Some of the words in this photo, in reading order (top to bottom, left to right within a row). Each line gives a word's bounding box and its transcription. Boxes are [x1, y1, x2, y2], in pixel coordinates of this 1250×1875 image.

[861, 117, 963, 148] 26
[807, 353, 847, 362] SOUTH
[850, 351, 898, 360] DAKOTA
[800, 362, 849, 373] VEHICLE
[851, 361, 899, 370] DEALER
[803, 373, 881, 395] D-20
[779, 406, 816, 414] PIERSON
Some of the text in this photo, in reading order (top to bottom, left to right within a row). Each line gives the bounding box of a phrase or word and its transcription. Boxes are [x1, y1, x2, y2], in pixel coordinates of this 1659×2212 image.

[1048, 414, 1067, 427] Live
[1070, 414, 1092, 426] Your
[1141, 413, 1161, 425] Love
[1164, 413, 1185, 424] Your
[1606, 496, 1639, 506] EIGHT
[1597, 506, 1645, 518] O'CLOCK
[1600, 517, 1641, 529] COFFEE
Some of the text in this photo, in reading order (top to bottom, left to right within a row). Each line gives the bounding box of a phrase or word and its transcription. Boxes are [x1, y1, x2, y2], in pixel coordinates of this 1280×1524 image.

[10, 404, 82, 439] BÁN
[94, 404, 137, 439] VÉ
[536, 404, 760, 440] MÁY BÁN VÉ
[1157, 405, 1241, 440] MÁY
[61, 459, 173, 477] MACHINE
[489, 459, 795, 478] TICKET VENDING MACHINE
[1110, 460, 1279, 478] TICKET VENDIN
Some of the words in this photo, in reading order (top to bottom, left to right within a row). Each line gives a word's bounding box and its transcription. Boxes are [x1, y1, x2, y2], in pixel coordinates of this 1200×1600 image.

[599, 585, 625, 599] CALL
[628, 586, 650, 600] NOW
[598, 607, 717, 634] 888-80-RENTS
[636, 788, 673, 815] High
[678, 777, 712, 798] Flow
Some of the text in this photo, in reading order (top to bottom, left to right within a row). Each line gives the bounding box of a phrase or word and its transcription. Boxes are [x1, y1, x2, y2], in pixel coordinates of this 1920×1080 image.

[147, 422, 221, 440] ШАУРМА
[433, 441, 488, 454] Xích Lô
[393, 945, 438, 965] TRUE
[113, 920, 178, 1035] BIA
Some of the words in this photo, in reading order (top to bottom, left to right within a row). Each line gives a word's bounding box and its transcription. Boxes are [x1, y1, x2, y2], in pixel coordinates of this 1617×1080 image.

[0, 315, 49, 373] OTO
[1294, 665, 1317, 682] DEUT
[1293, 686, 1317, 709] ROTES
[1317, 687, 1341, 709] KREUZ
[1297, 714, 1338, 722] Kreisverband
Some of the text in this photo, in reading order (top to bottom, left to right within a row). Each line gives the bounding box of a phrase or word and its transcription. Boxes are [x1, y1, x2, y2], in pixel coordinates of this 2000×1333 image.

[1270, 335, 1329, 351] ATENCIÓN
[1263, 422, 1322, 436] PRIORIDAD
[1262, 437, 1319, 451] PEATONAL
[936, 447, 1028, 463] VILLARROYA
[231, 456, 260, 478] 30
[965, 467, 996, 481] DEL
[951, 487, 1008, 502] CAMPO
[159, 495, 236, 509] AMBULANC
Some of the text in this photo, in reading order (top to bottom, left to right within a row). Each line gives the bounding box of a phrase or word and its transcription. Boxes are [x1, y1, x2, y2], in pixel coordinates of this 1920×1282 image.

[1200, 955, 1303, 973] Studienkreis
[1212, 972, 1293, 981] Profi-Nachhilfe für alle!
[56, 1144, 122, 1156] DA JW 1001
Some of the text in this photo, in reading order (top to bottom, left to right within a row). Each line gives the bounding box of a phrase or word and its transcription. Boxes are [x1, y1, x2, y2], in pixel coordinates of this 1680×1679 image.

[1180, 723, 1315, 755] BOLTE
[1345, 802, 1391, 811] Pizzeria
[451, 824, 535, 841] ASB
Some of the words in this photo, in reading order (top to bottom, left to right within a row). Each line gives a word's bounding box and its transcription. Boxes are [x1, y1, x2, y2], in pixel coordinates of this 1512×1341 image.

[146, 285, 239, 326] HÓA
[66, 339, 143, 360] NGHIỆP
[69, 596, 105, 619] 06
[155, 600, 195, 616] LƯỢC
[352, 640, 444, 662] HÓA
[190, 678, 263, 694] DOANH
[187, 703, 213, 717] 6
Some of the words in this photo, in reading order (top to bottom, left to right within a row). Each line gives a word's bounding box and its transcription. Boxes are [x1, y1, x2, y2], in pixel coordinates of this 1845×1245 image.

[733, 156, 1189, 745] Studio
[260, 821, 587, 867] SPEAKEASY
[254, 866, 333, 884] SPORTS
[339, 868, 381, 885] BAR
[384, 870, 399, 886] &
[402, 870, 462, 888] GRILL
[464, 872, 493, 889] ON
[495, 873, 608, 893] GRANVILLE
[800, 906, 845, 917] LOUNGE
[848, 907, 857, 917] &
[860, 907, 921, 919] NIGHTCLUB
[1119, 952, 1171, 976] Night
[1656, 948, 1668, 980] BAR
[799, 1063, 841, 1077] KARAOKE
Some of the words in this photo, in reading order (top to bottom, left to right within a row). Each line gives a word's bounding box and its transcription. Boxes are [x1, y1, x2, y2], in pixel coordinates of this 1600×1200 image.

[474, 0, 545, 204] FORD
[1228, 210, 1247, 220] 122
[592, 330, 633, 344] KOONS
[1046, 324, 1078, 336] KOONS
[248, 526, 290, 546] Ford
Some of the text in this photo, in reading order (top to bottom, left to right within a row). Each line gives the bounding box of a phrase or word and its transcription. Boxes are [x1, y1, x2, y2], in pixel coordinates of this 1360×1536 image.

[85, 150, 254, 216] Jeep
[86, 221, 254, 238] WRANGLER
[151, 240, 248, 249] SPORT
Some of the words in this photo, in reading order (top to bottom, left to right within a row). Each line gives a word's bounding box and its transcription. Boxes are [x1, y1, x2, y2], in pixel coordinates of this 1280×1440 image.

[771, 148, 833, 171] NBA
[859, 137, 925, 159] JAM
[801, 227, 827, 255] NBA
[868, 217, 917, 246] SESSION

+===+

*Task item*:
The line with "this 1280×1440 image.", the last line of the data above, and every line between them should be duplicated exactly, with nothing else.

*Answer below*:
Some of the words in this photo, in reading order (top to bottom, left to right within a row). Each line gives a word's bounding box and its transcription. Boxes are [x1, y1, x2, y2], in pixel coordinates of this 1280×1440 image.

[771, 148, 833, 171] NBA
[859, 137, 925, 159] JAM
[801, 227, 827, 255] NBA
[868, 217, 917, 246] SESSION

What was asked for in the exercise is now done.